House of Aumâle
The House of Aumâle is a prominent Anglo-Norman family originally hailing form the small county of Aumâle in north-eastern Normandy, on the border with Picardy.
The house traces its descent from Adelais of Normandy, illegitimate daughter of Robert the Magnificent, Duke of Normandy, and Herlève de Falaise. She was the full sister of William the Conqueror.
History
Adelais of Normandy was married three times. Her first marriage, to Engeurrand II, Count of Ponthieu, was annulled in at the Council of Rhiems in 1049 on the grounds of consanguinity, but left her with the County of Aumâle as her dowry. Her second marriage, to Lambert II, Count of Lens, younger son of Eustance, Count of Boulogne, ended when Lambert was killed in battle at Lille in 1054.
It is from her third marriage, to Odo of Champagne, in 1060 that the House of Aumâle descends.
Odo, son of Stephen, Count of Champagne, had killed a nobleman and fled to Duke William's court in Normandy after the death of his father in 1048; his uncle Theobald inherited the county of Champagne., Although Odo claimed the title Count of Troyes (the caput of Champagne), he was essentially a landless adventurer, albeit a noble one. He sought - and gained - the patronage of the Archbishop of Rouen, to whom the county of Aumâle owed fealty.
It was through the archbishop's influence that Odo gained the hand of Adelais and thus the county of Aumâle. The county was small, however, owing the service of only 10 knights to the archbishopm and Odo continuedf to lobby for more lands, that he might keep the Duke's sister in suitable manner.
It is unknown whether Odo took part in the conquest of England. He held no English lands at the time the Domesday surveyors undertook their great task.
However, in 1087 Drogo de la Beuvrière, Lord of Holderness, poisoned his wife - possibly accidentally - and asked the Conqueror for permission to quit his English lands and return to Flanders. King William I granted Drogo's lands - known as the Barony of Burstwick - to Odo shortly before his death in September 1087. As well as the whole of Holderness, these lands included 35 Lincolnshire villages and Castle Bytham. The barony owed 20 knights'service.
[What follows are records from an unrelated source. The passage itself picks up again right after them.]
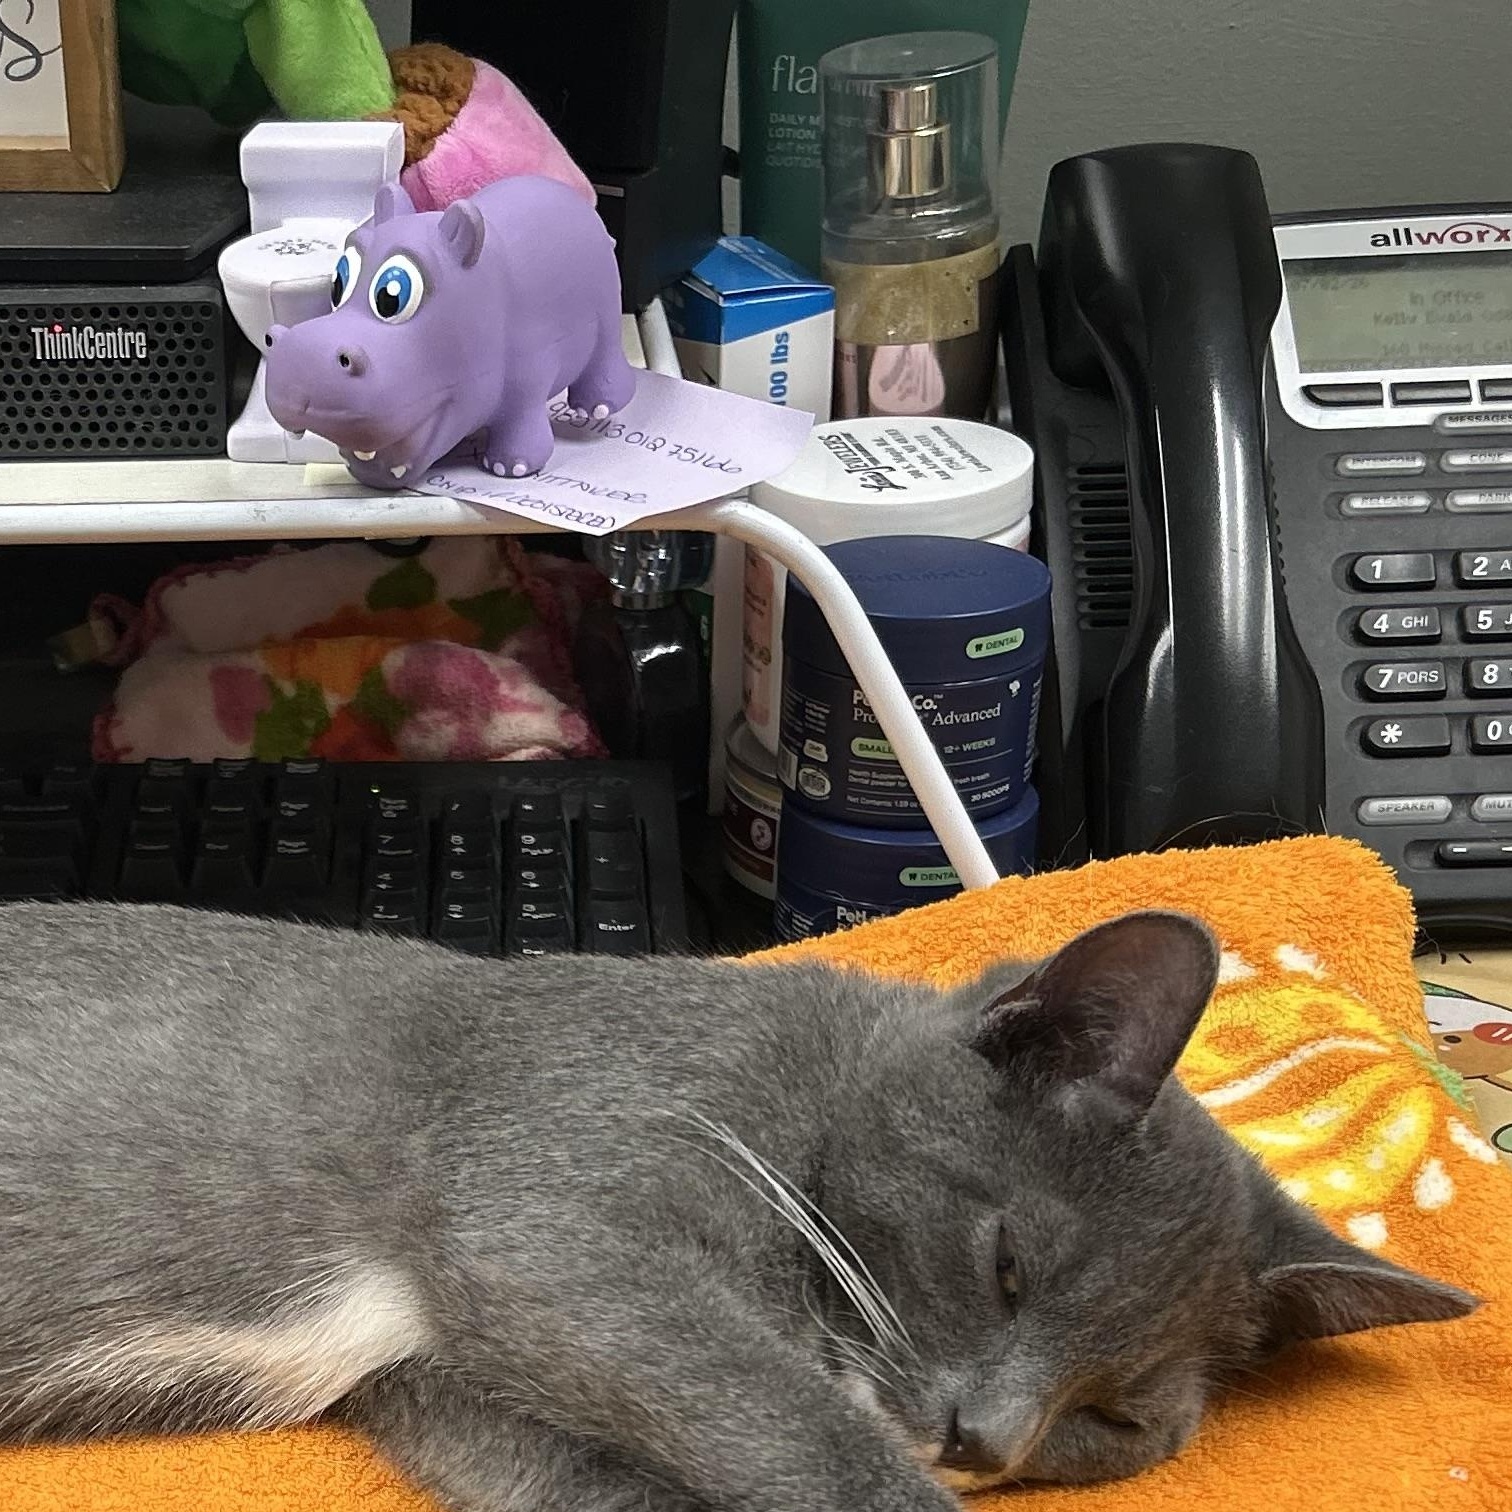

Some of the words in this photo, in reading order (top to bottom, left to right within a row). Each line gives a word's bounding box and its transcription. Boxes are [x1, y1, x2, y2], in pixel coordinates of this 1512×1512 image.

[1370, 222, 1512, 248] allworx
[31, 324, 147, 360] ThinkCentre
[770, 331, 790, 365] lbs
[1447, 413, 1512, 424] MESSAGES
[1370, 559, 1383, 580] 1
[1472, 556, 1489, 577] 2
[1373, 613, 1389, 633] 4
[1401, 616, 1429, 629] GHI
[1477, 609, 1493, 630] 5
[985, 635, 1019, 650] DENTAL
[1378, 668, 1393, 689] 7
[1397, 670, 1439, 684] PQRS
[1482, 663, 1499, 685] 8
[931, 703, 1002, 727] Advanced
[1487, 720, 1502, 741] 0
[1377, 803, 1436, 814] SPEAKER
[1484, 799, 1512, 811] MUT
[920, 871, 958, 881] DENTAL
[597, 922, 636, 932] Enter
Odo took an active part in the factional infighting among the sons of the Conqueror. In 1088 he was one of three counts who acted as 'prisoner's friends' when William de St Calias, bishop of Durham, faced King William II's justice for his part in a rebellion led by bishop Odo of Bayeux. Later that year, he was one of the eight founders of the great Benedictine monastery of St Mary's in York.
1090 he took the part of King William II, Rufus, against his older brother, Robert Curthose, Duke of Normandy, and fortified Aumâle againts the Duke. In 1095, however, he took part in a plot with William, count of Eu, Roger de Mowbray, earl of Northumberland, Roger de Lacy, and Gilbert de Clare, to overthrow the king. The consiprators planned to depose William II and crown Odo's son, Stephen.
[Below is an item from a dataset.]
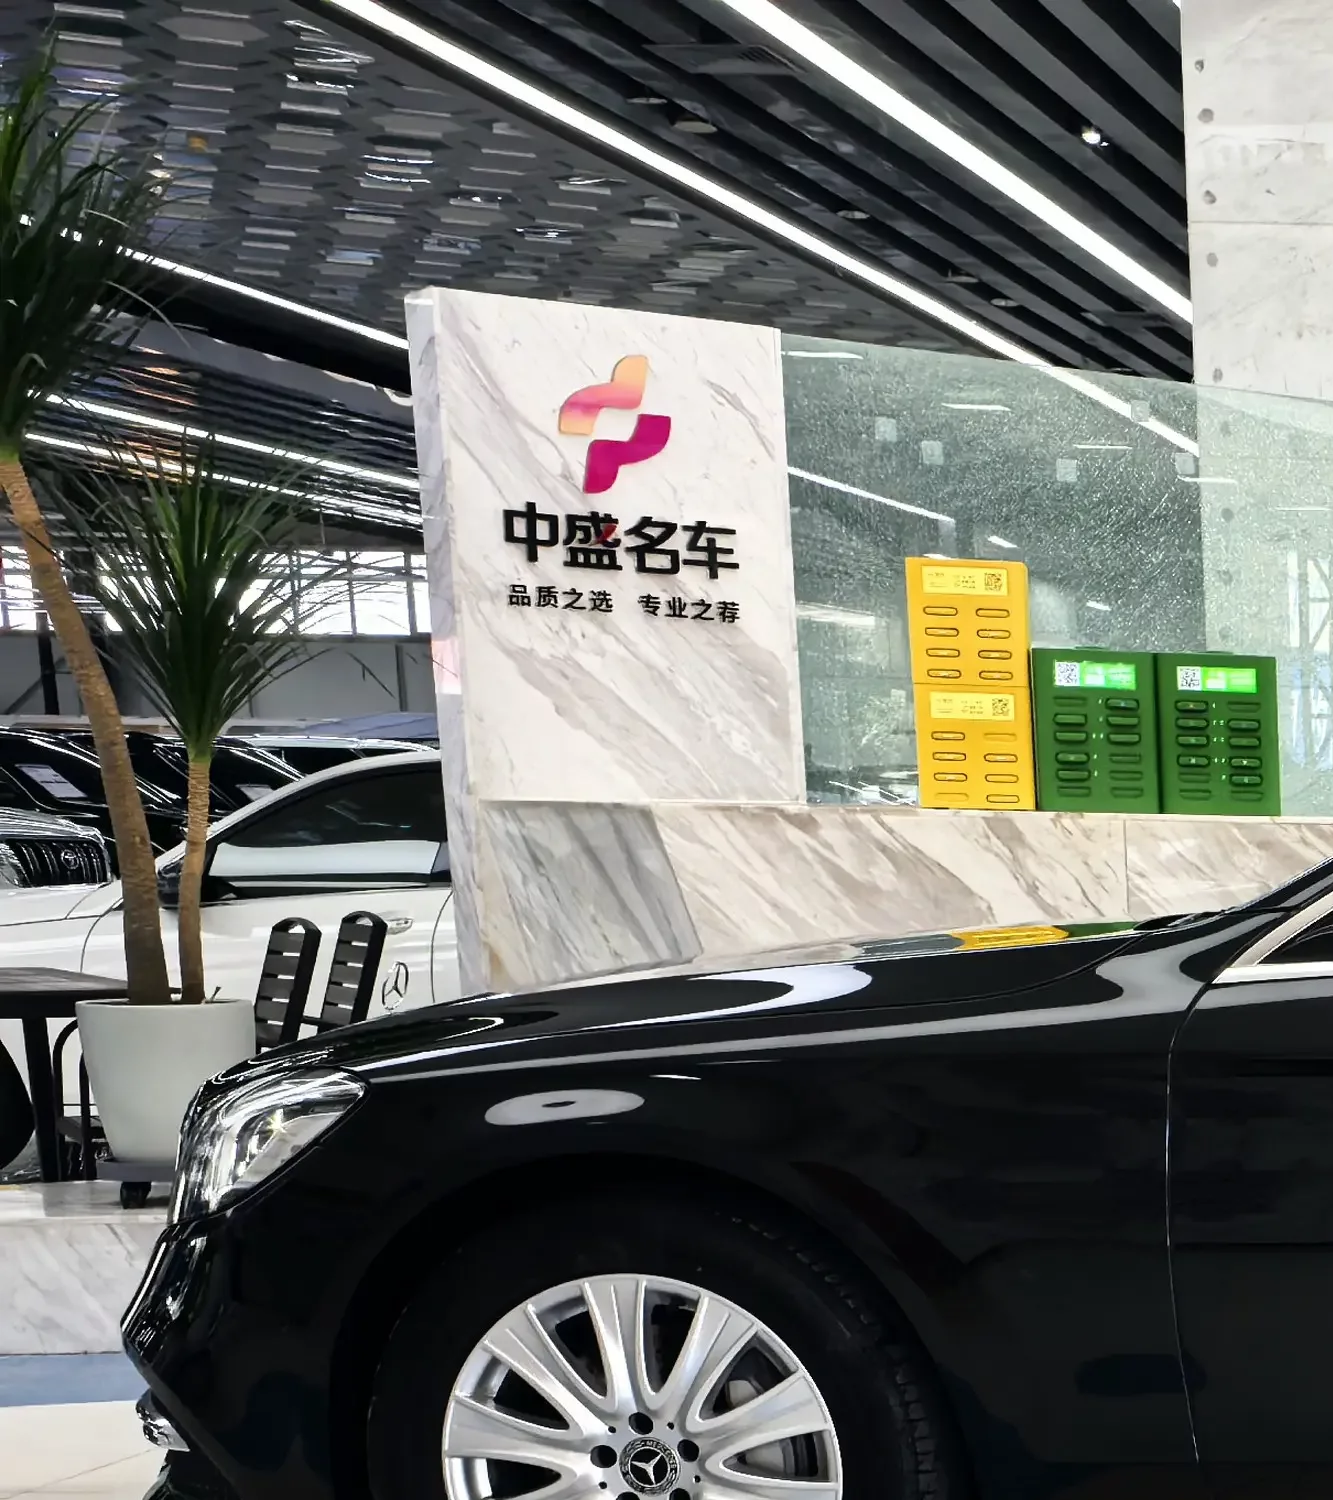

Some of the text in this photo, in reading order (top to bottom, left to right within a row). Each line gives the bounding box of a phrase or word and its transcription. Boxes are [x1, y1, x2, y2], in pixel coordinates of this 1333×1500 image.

[503, 501, 740, 580] 中盛名车
[507, 583, 741, 624] 品质之选 专业之荐
The plot failed. Odo and his co-conspirators were tried at the Council of Salisbury in 1096, where Odo was deprived of all his lands and imprisoned. Roger de Mowbray was likewise improsoned. William of Eu was blinded and castrated. Odo died in prison some time between 1096 and 1109.
Stephen, who had little to do with his father's plot to place him on the throne, was spared imprisonment. He had taken the cross in 1095 and at the time of the Council of Salisbury was already on his way to Jerusalem with Robert Curthose, but the House of Aumale was in disgrace. Its English lands were granted to the Norman lord Arnulf de Montgomery, brother of the infamous Robert de Bellême. But in 1101, with Henry I now on the English throne, Robert Curhose invaded in hopes of winning the crown from his brother. Robert de Bellême, back from crusade, and his brothers took Robert's side, and were deprived of their lands in 1102.
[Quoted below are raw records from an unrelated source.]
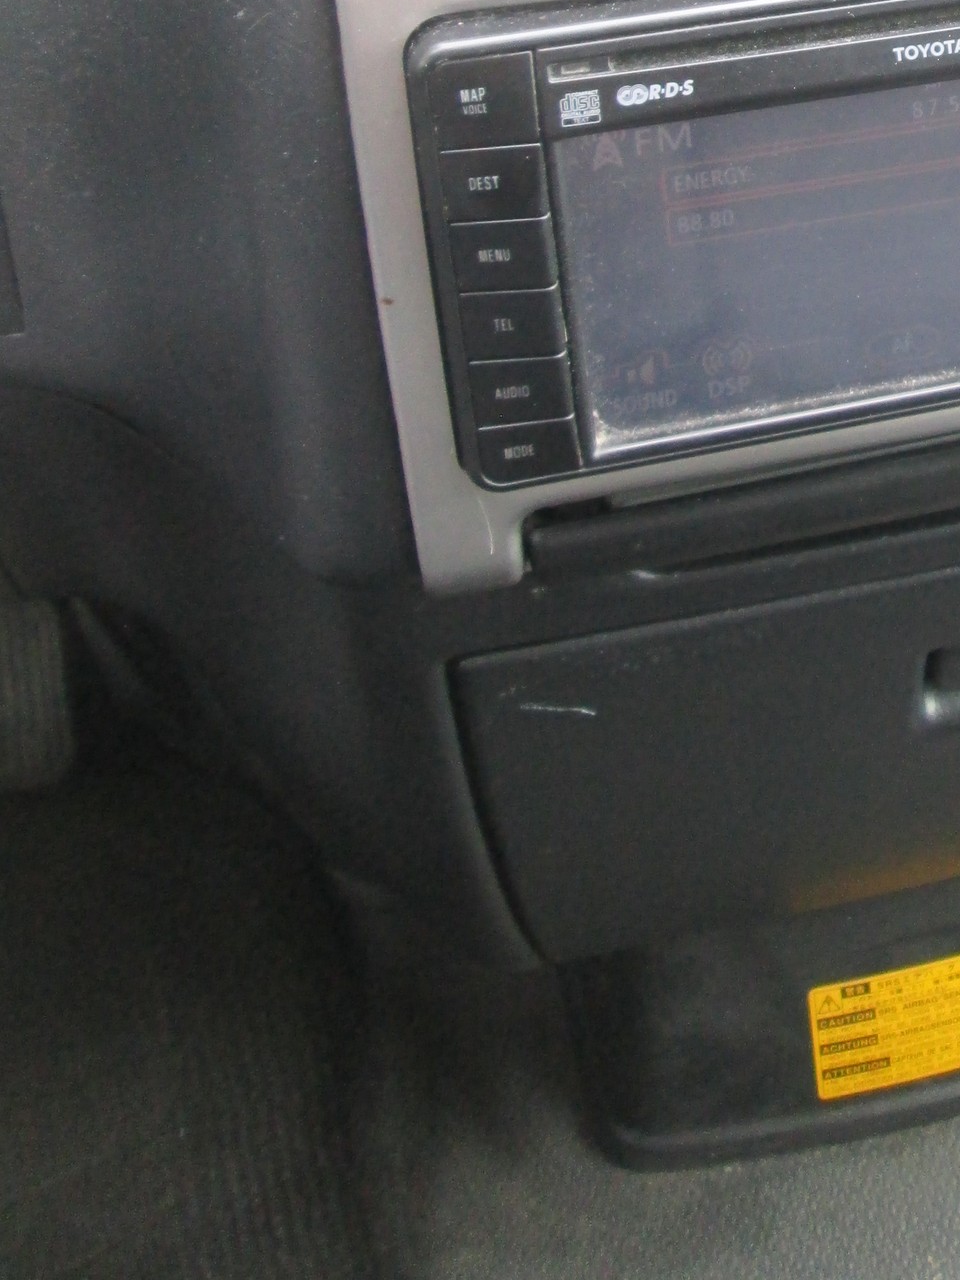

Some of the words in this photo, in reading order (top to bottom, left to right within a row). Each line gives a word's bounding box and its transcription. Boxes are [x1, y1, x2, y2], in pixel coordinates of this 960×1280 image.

[460, 87, 485, 103] MAP
[463, 103, 487, 115] VOICE
[634, 121, 692, 156] FM
[468, 175, 499, 191] DEST
[477, 249, 511, 263] MENU
[494, 318, 514, 333] TEL
[495, 385, 530, 399] AUDIO
[504, 445, 534, 460] MODE
[820, 1011, 874, 1030] CAUTION
[822, 1036, 877, 1055] ACHTUNG
[824, 1060, 888, 1080] ATTENTION
With the House of Bellême now in disgrace Stephen of Aumâle, also returned from crusade, was restored to his father's English lands and titles in Holderness and Lincolnshire. He rarely visited England, spending most of his time involved in the tortuous early 12th century politics of Normandy, where he is last recorded as one of the supporters of William Clito, son of defeated duke Robert Curthose, in 1127. It is possible he returned to the Holy Land in the expedition inspired by the Knights Templar in 1128. He was certainly dead by 1130.
His oldest son William had only recently come of age at the time he inherited his fathers lands in Normandy and England in 1130, and was therefore probably born in 1109 or shortly earlier.
William took a much greater interest in his English estates than his father. One of his first acts was to clear out interlopers who had settled on his estates without permission, He paid King Henry I 100 marks in order that he might not be prosecuted for these evictions.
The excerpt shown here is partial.